▶ [Task description]: Your answer must repeat all of the entries word for word, without any images.

▶ [Supplied records]:

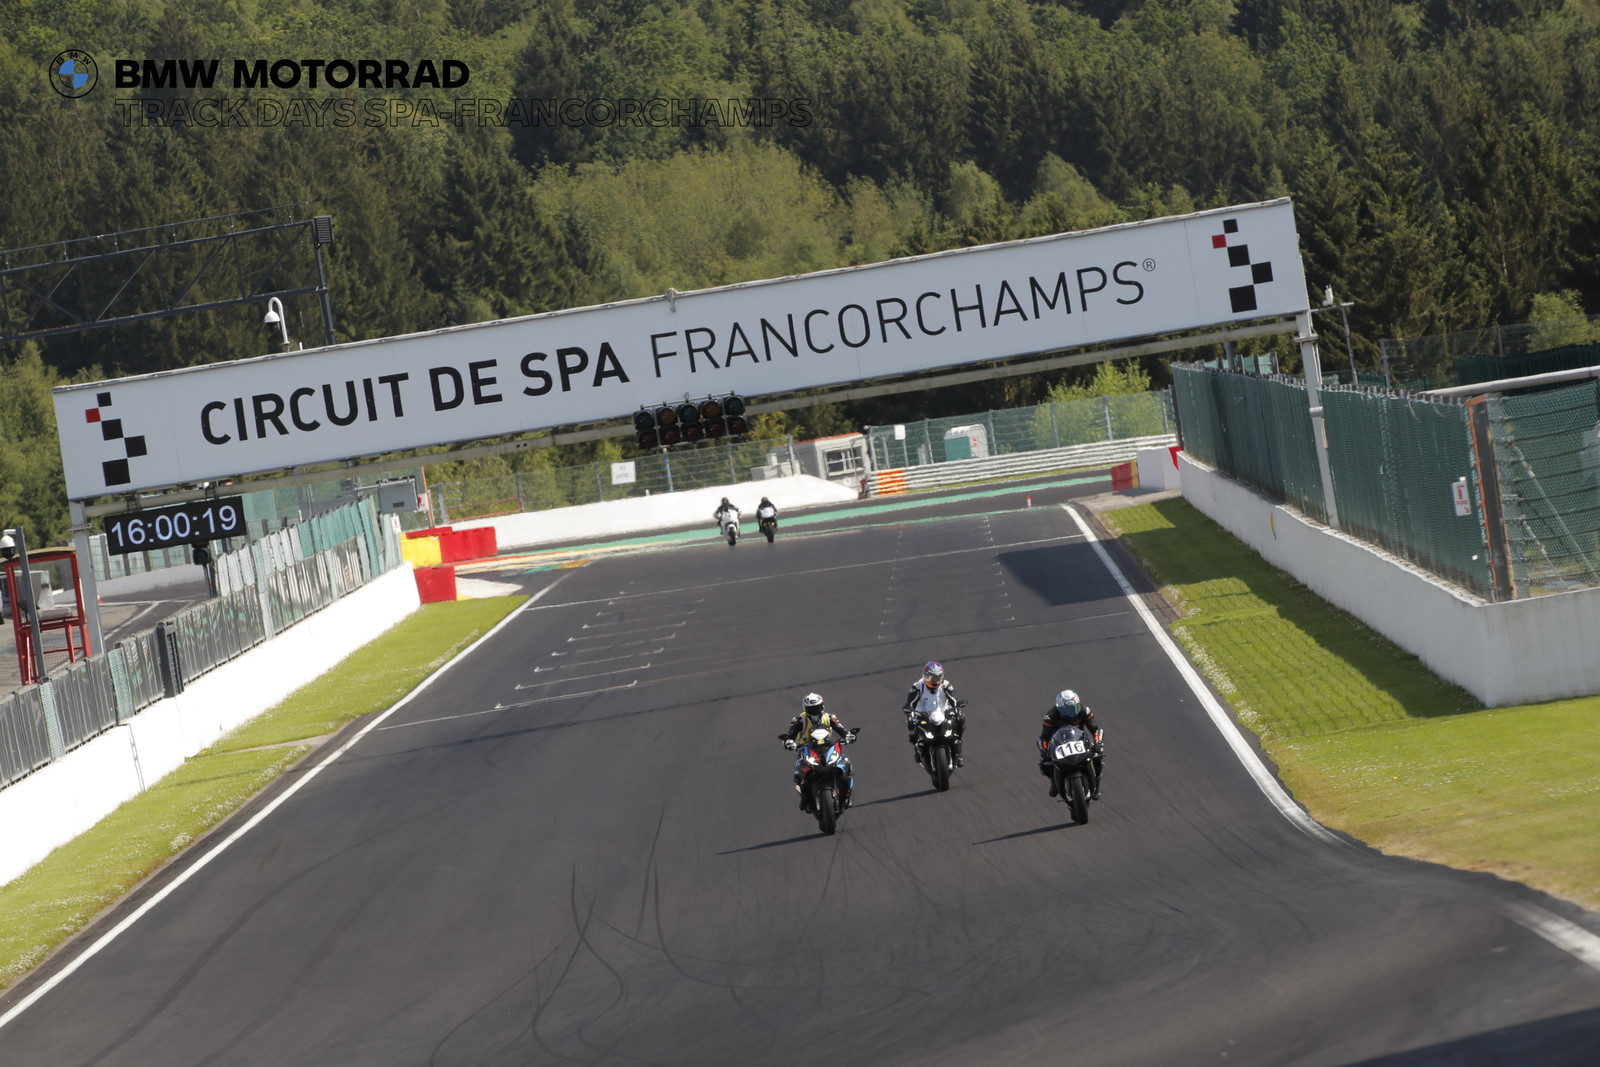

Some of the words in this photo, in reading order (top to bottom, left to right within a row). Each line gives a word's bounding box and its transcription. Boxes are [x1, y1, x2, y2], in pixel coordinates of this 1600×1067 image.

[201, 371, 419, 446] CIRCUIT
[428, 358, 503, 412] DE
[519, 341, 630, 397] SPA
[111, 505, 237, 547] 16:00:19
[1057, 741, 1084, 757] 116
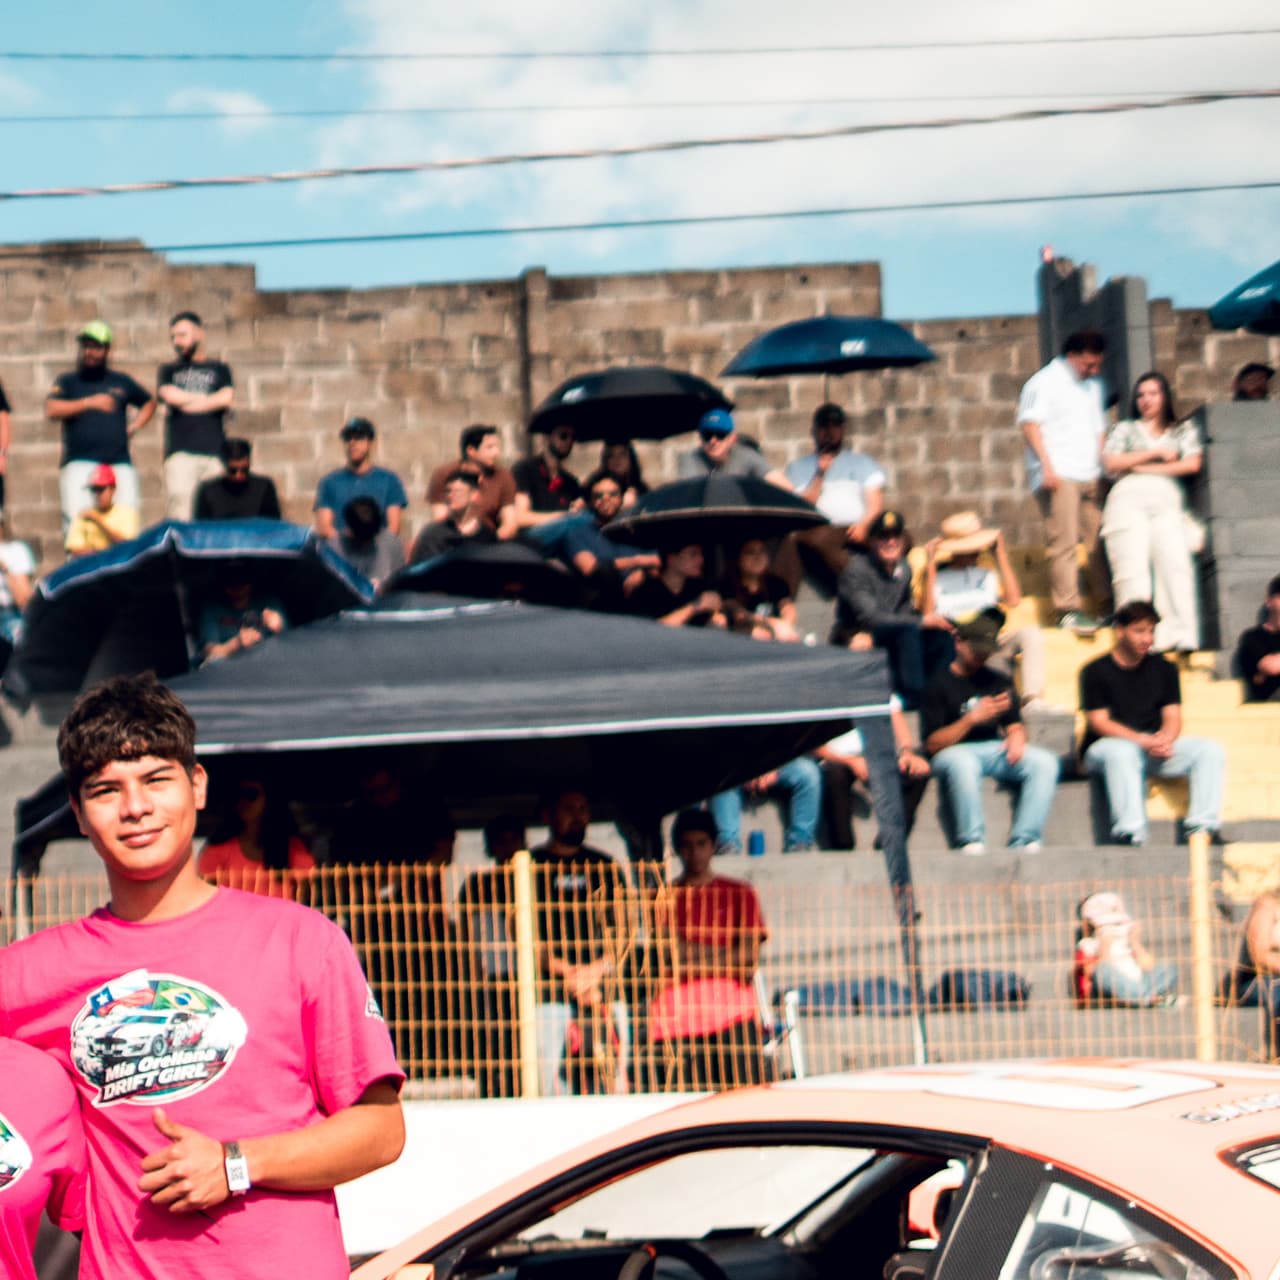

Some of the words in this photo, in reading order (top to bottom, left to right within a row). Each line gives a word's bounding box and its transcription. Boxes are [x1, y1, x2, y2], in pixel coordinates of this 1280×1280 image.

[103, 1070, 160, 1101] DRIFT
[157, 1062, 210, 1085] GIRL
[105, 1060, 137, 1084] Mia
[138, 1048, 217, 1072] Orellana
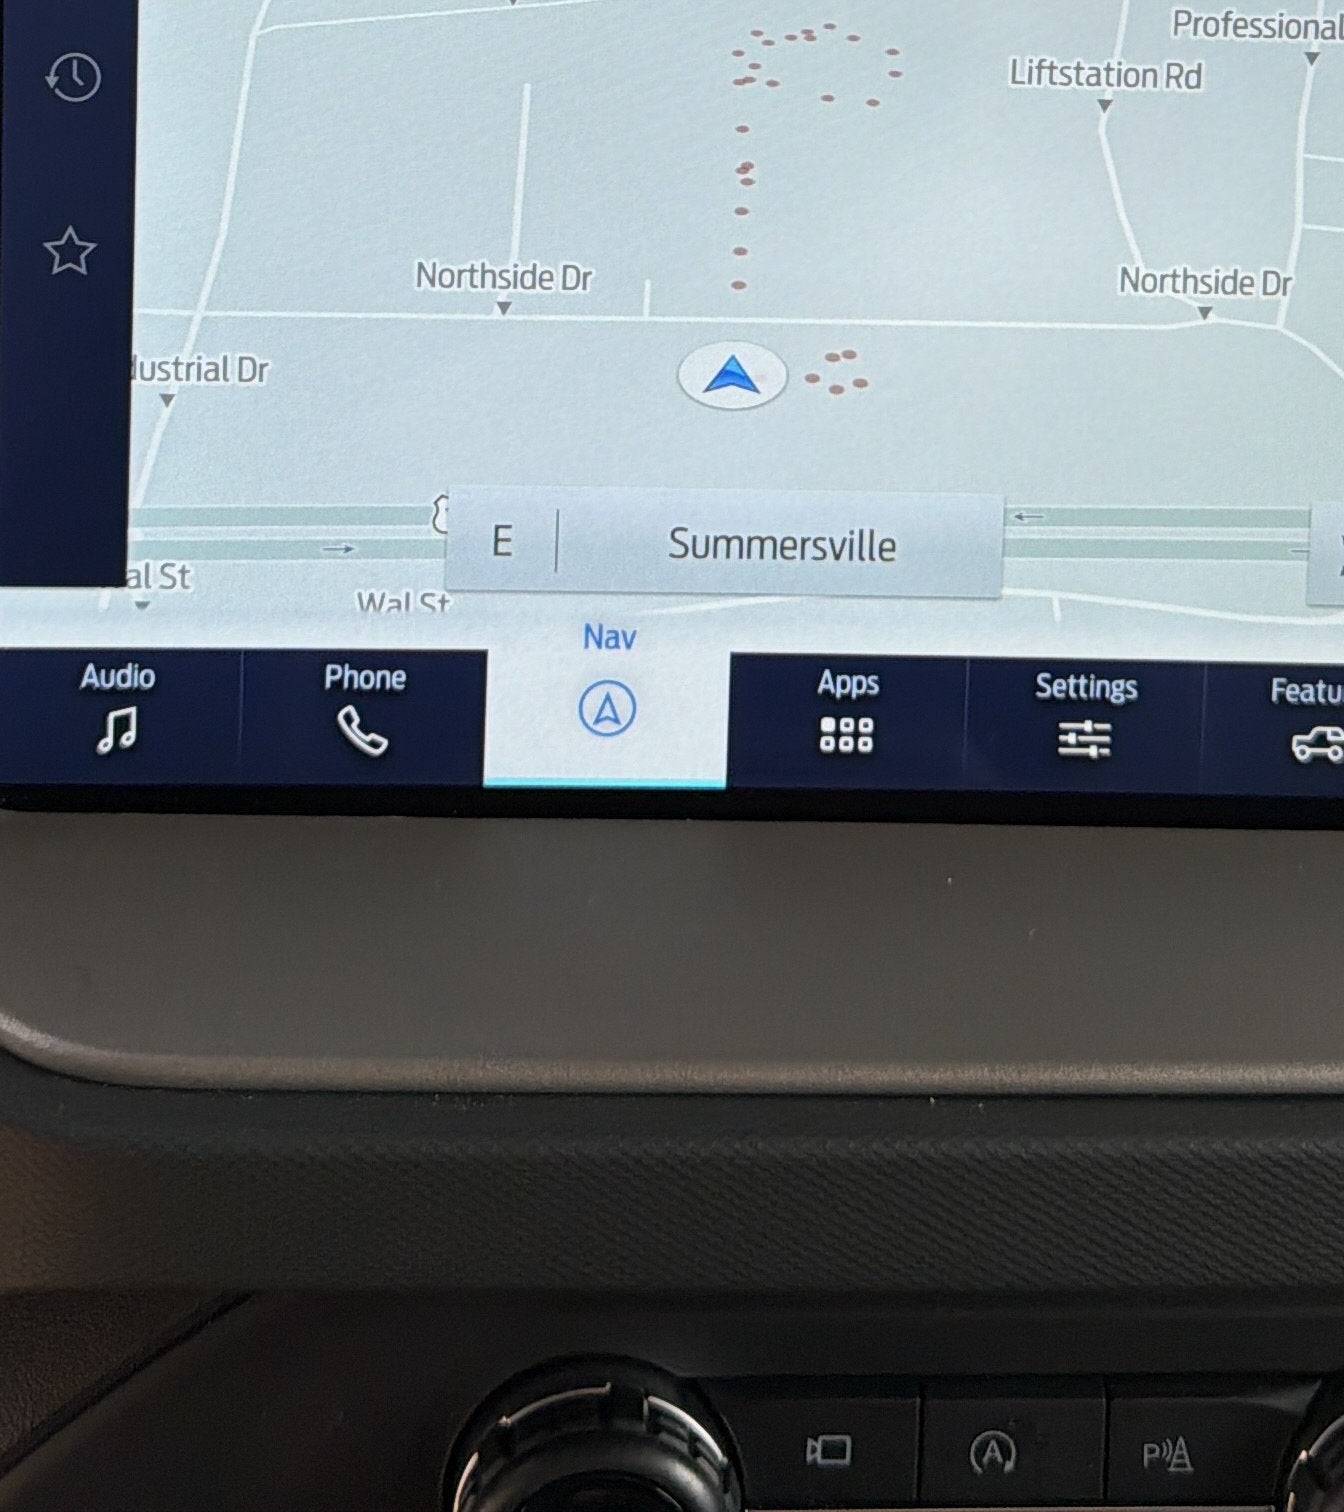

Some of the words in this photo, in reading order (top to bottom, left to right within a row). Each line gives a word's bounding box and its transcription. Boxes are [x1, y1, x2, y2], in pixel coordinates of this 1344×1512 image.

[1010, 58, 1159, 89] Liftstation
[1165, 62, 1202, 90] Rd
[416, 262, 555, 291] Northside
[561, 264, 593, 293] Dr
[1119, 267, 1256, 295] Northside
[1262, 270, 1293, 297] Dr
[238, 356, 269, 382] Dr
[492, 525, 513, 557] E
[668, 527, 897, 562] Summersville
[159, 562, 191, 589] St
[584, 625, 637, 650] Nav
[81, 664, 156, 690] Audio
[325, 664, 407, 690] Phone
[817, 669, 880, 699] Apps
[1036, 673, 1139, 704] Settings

▶ [Solution to this exercise]:
Some of the words in this photo, in reading order (top to bottom, left to right within a row). Each line gives a word's bounding box and its transcription. Boxes are [x1, y1, x2, y2], in pixel coordinates of this 1600×1067 image.

[201, 371, 419, 446] CIRCUIT
[428, 358, 503, 412] DE
[519, 341, 630, 397] SPA
[111, 505, 237, 547] 16:00:19
[1057, 741, 1084, 757] 116

Some of the words in this photo, in reading order (top to bottom, left to right within a row). Each line gives a word's bounding box and its transcription. Boxes are [x1, y1, x2, y2], in pixel coordinates of this 1280×1280 image.

[103, 1070, 160, 1101] DRIFT
[157, 1062, 210, 1085] GIRL
[105, 1060, 137, 1084] Mia
[138, 1048, 217, 1072] Orellana

Some of the words in this photo, in reading order (top to bottom, left to right within a row). Each line gives a word's bounding box and its transcription. Boxes are [x1, y1, x2, y2], in pixel coordinates of this 1344×1512 image.

[1010, 58, 1159, 89] Liftstation
[1165, 62, 1202, 90] Rd
[416, 262, 555, 291] Northside
[561, 264, 593, 293] Dr
[1119, 267, 1256, 295] Northside
[1262, 270, 1293, 297] Dr
[238, 356, 269, 382] Dr
[492, 525, 513, 557] E
[668, 527, 897, 562] Summersville
[159, 562, 191, 589] St
[584, 625, 637, 650] Nav
[81, 664, 156, 690] Audio
[325, 664, 407, 690] Phone
[817, 669, 880, 699] Apps
[1036, 673, 1139, 704] Settings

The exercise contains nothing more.